──────── INPUT DATA ────────
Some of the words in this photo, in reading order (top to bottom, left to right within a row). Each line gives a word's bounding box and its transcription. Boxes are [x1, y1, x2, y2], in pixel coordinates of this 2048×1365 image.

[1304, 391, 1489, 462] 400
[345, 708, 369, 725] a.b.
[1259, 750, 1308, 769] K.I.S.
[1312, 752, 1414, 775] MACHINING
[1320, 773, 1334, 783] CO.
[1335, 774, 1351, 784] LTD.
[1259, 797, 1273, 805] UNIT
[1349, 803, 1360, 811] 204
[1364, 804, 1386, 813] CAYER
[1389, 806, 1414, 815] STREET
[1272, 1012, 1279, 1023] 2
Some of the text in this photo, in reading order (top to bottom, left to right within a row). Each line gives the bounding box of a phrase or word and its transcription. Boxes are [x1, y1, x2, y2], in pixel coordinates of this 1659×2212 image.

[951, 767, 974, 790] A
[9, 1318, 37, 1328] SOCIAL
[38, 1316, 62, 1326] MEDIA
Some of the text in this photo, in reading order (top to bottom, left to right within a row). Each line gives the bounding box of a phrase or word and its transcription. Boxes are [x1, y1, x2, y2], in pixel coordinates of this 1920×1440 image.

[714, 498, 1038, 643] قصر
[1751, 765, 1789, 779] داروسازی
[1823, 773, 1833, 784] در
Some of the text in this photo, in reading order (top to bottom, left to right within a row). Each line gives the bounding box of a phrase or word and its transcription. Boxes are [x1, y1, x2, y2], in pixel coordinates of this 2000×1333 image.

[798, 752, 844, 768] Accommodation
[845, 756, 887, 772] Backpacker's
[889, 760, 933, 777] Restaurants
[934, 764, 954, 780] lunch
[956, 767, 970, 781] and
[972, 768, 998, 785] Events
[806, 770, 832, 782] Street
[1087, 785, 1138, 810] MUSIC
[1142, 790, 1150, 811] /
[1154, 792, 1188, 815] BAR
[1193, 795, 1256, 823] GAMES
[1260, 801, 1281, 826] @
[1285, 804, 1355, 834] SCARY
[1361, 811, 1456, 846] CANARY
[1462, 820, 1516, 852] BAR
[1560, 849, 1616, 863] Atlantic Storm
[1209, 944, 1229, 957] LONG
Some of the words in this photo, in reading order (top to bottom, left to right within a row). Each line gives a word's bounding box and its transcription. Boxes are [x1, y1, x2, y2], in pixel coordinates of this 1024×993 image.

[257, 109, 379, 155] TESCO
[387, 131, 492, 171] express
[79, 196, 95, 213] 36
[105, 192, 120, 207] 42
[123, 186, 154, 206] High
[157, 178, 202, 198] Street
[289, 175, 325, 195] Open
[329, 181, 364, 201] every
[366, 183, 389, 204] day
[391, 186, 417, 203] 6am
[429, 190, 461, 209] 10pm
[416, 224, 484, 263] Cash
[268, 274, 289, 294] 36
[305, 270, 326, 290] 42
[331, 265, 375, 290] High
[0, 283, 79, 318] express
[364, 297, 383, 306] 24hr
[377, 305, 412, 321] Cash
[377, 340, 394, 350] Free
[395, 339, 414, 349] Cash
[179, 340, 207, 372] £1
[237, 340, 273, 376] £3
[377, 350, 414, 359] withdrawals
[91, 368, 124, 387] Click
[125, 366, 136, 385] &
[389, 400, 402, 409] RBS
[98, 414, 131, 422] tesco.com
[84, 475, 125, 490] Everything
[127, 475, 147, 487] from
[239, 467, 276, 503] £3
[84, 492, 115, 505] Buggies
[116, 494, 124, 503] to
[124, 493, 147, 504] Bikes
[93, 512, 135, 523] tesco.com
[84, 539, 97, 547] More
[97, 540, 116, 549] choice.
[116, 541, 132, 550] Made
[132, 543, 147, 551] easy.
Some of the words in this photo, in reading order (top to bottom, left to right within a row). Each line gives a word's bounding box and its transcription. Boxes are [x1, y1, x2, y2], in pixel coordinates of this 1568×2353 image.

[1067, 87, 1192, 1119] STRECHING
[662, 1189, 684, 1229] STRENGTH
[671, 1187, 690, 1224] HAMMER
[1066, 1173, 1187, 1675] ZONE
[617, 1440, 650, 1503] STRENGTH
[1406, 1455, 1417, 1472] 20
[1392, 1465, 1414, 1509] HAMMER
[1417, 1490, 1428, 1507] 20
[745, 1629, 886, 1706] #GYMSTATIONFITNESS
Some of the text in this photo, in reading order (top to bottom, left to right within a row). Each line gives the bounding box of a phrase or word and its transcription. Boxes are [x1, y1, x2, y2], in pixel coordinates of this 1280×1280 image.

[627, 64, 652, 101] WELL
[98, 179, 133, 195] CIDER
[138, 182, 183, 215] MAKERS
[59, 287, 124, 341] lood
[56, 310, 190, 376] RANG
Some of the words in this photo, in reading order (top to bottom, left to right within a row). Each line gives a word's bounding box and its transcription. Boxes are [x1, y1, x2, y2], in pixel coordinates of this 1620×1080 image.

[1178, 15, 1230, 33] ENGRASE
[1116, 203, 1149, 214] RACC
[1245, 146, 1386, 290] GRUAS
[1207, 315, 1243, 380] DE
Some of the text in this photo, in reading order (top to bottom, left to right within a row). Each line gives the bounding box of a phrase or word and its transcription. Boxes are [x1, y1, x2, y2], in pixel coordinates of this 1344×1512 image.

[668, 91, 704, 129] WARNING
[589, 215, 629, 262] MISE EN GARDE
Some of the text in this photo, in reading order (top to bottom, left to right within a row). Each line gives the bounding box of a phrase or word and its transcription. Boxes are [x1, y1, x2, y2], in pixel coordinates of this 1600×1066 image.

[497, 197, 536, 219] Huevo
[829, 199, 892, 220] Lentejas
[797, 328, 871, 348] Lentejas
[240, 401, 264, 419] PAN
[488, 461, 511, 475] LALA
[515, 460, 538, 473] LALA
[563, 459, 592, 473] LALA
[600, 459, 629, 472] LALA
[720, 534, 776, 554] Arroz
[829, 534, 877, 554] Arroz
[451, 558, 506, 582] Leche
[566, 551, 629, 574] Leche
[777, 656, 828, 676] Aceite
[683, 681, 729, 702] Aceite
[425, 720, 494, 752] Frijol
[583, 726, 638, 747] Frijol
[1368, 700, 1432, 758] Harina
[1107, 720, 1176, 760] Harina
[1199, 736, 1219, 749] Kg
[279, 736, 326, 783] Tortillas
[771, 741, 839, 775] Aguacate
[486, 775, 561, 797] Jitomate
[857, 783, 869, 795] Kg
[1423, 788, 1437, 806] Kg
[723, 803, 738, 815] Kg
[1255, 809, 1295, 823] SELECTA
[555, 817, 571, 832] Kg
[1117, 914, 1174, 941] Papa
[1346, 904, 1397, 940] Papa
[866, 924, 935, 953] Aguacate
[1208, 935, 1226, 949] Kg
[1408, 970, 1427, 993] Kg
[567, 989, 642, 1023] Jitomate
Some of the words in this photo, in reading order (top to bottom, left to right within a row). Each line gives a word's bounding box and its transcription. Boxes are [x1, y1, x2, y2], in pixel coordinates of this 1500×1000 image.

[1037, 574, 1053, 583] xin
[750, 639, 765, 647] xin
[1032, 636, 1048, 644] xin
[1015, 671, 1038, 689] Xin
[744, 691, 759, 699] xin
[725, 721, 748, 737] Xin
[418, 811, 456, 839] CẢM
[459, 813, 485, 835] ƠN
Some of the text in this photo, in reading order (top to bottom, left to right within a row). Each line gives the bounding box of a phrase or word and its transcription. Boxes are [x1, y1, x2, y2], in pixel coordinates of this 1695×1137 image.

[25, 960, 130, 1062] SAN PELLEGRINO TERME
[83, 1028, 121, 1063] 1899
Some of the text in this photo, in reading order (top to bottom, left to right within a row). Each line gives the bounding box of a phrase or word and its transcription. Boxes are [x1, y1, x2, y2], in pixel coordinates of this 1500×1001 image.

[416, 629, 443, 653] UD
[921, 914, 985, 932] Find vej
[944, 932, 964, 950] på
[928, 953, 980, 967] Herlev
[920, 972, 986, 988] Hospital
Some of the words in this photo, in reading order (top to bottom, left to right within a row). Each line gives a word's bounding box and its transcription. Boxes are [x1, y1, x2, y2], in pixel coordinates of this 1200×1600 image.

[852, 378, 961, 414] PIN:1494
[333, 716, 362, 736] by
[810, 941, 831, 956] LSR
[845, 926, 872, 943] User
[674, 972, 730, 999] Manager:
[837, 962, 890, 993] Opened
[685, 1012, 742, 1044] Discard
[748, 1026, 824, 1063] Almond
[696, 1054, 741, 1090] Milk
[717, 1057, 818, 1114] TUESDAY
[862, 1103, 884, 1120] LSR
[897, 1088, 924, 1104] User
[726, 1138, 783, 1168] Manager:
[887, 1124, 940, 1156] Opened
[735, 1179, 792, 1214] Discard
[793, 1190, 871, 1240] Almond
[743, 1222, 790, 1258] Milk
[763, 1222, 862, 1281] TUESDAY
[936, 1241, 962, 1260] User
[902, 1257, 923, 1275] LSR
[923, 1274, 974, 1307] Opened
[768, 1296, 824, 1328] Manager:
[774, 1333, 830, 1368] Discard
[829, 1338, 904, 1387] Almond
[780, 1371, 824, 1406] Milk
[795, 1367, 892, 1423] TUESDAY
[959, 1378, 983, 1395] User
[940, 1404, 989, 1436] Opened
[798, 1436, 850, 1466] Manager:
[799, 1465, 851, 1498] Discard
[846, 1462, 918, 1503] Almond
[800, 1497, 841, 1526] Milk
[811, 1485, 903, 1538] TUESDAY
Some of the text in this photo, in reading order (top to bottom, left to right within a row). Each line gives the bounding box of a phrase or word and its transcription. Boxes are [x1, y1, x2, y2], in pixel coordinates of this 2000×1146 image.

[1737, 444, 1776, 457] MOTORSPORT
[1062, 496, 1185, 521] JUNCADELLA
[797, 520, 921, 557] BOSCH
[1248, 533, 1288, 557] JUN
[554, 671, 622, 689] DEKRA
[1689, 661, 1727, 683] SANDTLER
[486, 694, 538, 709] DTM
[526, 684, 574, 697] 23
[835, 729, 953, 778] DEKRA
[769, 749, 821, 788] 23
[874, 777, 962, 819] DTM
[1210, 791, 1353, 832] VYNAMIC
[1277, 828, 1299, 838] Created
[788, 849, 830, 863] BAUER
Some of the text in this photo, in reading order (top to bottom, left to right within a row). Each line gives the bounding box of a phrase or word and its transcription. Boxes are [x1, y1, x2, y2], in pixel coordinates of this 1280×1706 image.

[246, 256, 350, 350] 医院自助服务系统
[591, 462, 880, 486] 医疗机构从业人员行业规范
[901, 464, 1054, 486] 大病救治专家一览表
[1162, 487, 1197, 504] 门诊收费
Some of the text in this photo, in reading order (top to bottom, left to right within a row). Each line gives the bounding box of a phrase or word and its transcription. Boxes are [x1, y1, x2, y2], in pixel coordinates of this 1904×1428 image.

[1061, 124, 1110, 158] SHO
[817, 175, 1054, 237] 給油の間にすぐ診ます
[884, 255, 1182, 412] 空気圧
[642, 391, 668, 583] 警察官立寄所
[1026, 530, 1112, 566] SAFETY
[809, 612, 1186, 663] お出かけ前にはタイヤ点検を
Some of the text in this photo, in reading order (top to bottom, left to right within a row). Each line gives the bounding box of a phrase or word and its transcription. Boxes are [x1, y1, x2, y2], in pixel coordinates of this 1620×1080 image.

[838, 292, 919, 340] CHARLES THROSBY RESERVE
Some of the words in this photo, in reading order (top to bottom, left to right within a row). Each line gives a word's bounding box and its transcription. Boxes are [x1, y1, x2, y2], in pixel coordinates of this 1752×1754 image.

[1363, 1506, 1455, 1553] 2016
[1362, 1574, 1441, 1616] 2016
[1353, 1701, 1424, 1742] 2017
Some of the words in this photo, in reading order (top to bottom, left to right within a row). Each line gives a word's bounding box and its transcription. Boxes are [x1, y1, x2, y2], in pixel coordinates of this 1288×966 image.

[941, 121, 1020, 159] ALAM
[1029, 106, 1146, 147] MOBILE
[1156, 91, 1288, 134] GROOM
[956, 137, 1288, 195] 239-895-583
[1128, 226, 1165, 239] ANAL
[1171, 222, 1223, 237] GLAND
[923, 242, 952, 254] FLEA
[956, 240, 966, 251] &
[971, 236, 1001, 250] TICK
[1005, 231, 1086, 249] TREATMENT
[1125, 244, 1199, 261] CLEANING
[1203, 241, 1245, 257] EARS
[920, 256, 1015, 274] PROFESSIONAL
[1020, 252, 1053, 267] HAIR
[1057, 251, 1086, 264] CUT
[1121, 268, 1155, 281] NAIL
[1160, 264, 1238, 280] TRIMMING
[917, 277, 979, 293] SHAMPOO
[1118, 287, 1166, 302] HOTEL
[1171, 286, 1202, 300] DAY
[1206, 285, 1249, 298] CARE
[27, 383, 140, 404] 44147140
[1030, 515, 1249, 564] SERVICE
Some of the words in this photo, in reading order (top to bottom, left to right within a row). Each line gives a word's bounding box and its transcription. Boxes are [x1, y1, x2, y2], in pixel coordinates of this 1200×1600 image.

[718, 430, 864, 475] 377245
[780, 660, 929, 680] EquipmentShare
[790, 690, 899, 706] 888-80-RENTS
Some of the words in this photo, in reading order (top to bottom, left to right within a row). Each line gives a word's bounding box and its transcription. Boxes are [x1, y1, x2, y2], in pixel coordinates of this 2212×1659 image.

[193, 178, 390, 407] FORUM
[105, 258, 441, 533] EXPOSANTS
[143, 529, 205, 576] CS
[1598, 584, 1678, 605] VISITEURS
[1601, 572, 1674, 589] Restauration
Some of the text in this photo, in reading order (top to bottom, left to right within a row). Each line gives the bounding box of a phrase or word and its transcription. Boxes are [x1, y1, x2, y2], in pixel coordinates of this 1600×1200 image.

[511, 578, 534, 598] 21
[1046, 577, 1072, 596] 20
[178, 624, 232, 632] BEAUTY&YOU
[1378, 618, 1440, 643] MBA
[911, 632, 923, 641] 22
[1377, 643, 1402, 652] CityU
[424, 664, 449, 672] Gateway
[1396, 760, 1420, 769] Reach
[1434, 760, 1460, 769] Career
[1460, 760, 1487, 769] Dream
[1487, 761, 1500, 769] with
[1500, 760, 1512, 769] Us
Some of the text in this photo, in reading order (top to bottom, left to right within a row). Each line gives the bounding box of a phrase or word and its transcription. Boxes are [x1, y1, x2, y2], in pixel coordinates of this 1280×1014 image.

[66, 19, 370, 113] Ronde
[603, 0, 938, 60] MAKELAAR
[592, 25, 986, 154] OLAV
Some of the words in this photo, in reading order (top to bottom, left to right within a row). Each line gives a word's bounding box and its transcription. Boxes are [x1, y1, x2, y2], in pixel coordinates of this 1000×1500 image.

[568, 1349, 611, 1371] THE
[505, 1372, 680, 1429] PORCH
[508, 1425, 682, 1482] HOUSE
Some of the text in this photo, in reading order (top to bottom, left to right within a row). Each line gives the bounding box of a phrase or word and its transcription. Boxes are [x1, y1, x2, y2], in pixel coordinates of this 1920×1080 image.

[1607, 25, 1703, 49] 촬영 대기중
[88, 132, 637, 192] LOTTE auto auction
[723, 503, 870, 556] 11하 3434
────────
■ **WORK REQUIRED**
Through the last line of the entries above, beginning at the line containing "this 1000×1500 image.", transcribe each line exactly, both ends included and nothing more.

■ **ANSWER FOR THIS EXERCISE**
Some of the words in this photo, in reading order (top to bottom, left to right within a row). Each line gives a word's bounding box and its transcription. Boxes are [x1, y1, x2, y2], in pixel coordinates of this 1000×1500 image.

[568, 1349, 611, 1371] THE
[505, 1372, 680, 1429] PORCH
[508, 1425, 682, 1482] HOUSE
Some of the text in this photo, in reading order (top to bottom, left to right within a row). Each line gives the bounding box of a phrase or word and its transcription. Boxes are [x1, y1, x2, y2], in pixel coordinates of this 1920×1080 image.

[1607, 25, 1703, 49] 촬영 대기중
[88, 132, 637, 192] LOTTE auto auction
[723, 503, 870, 556] 11하 3434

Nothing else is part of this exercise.